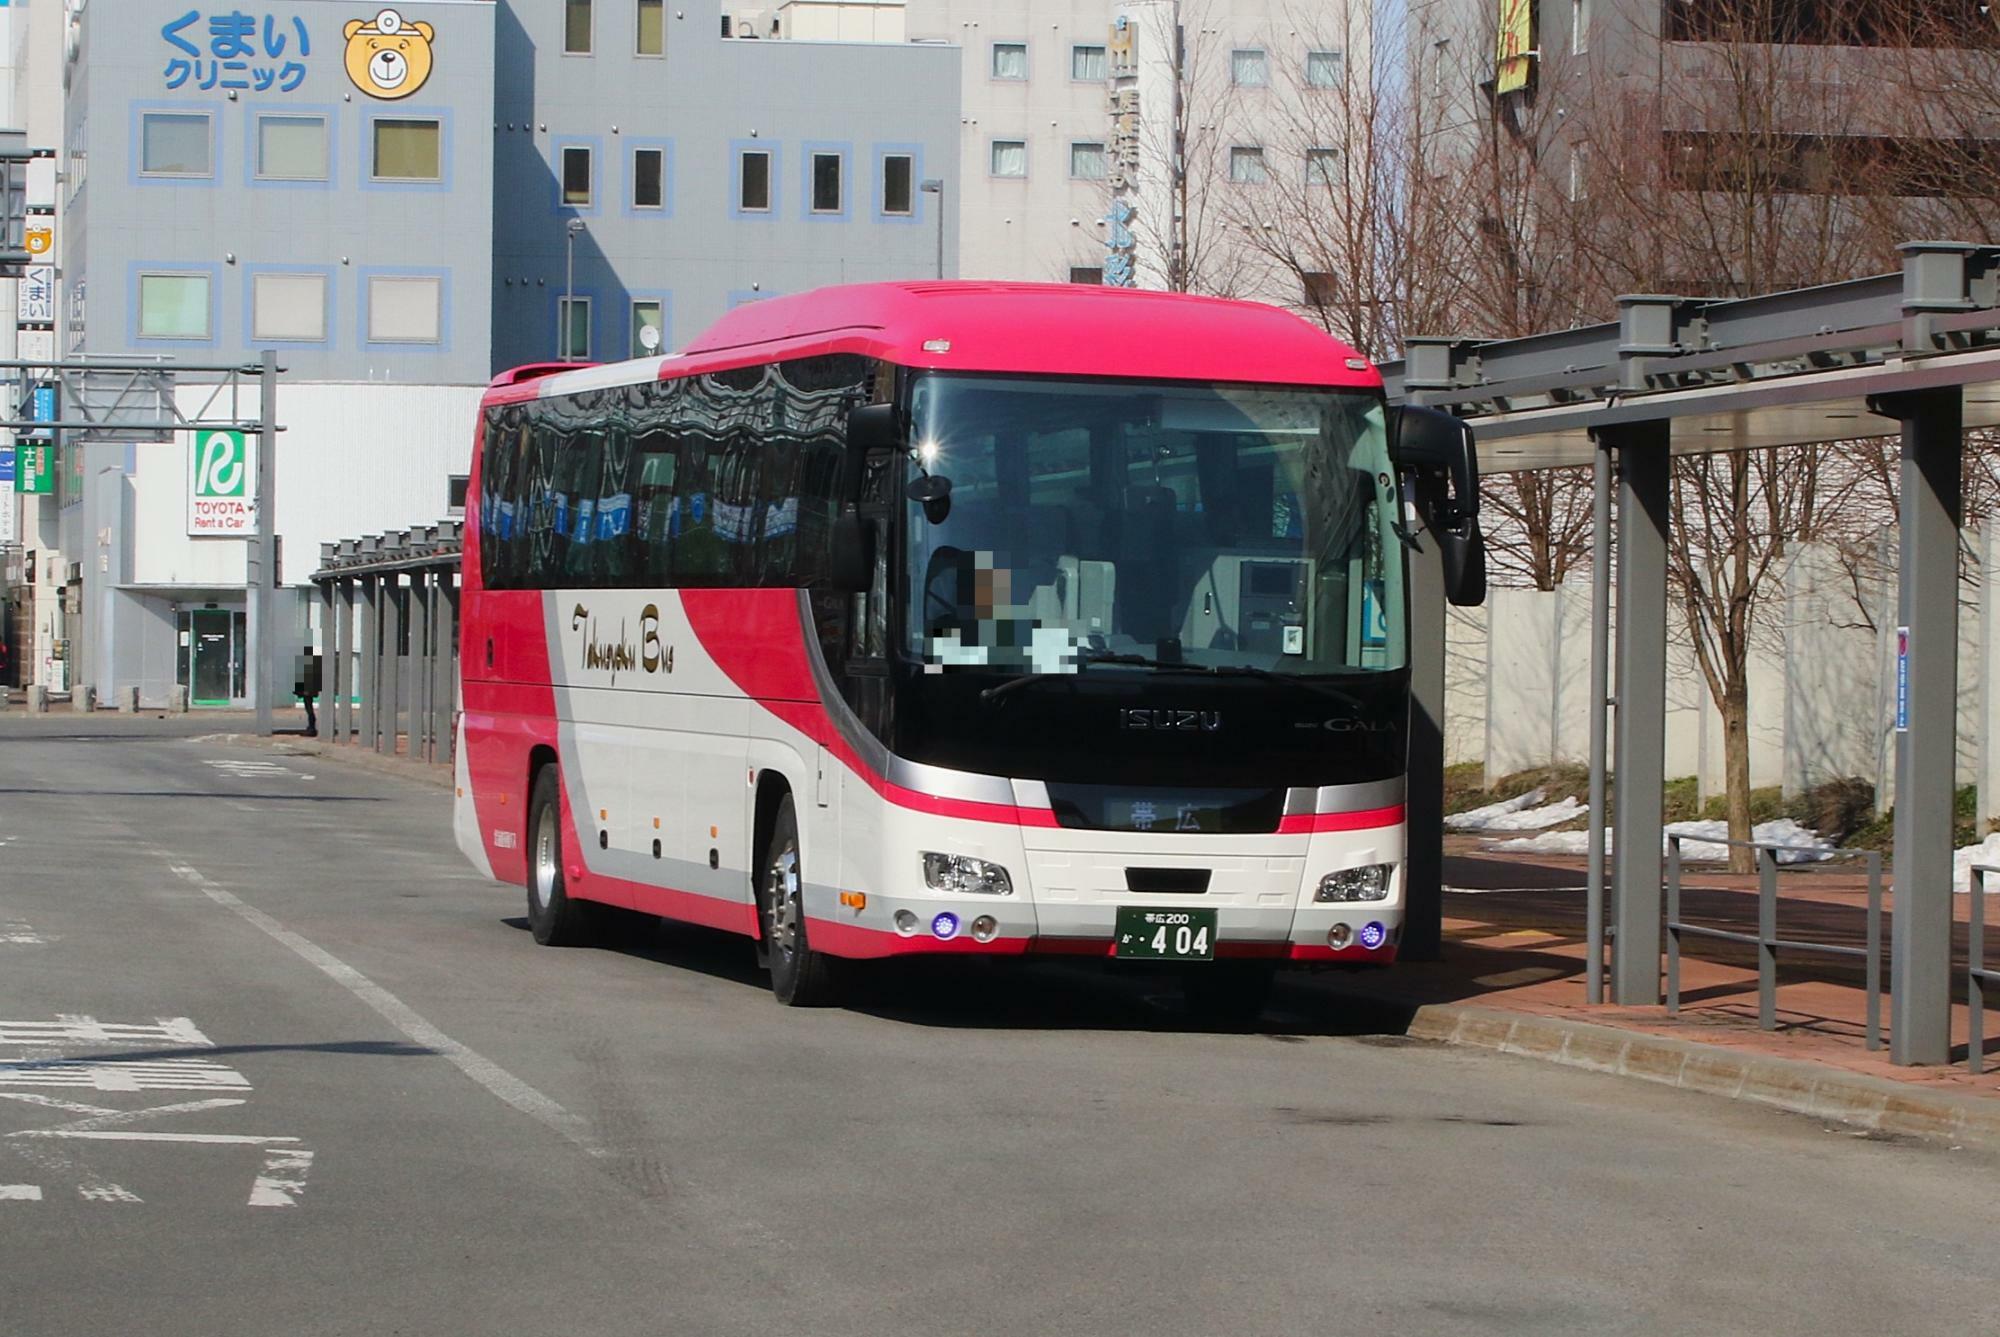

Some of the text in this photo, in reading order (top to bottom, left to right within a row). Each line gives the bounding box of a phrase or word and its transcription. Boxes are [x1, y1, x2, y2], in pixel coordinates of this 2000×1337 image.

[161, 10, 311, 59] くまい
[163, 58, 307, 92] クリニック
[30, 268, 45, 317] くまい
[194, 502, 245, 514] TOYOTA
[194, 517, 245, 528] Rent a Car
[641, 603, 674, 675] Bus
[1120, 708, 1221, 730] ISUZU
[1323, 718, 1398, 732] GALA

-.-.-

→ **TRY IT**:
Each line of the data should be printed again exactly. Please leave pictures out.

→ **YOUR RESPONSE**:
Some of the text in this photo, in reading order (top to bottom, left to right within a row). Each line gives the bounding box of a phrase or word and its transcription. Boxes are [x1, y1, x2, y2], in pixel coordinates of this 2000×1337 image.

[161, 10, 311, 59] くまい
[163, 58, 307, 92] クリニック
[30, 268, 45, 317] くまい
[194, 502, 245, 514] TOYOTA
[194, 517, 245, 528] Rent a Car
[641, 603, 674, 675] Bus
[1120, 708, 1221, 730] ISUZU
[1323, 718, 1398, 732] GALA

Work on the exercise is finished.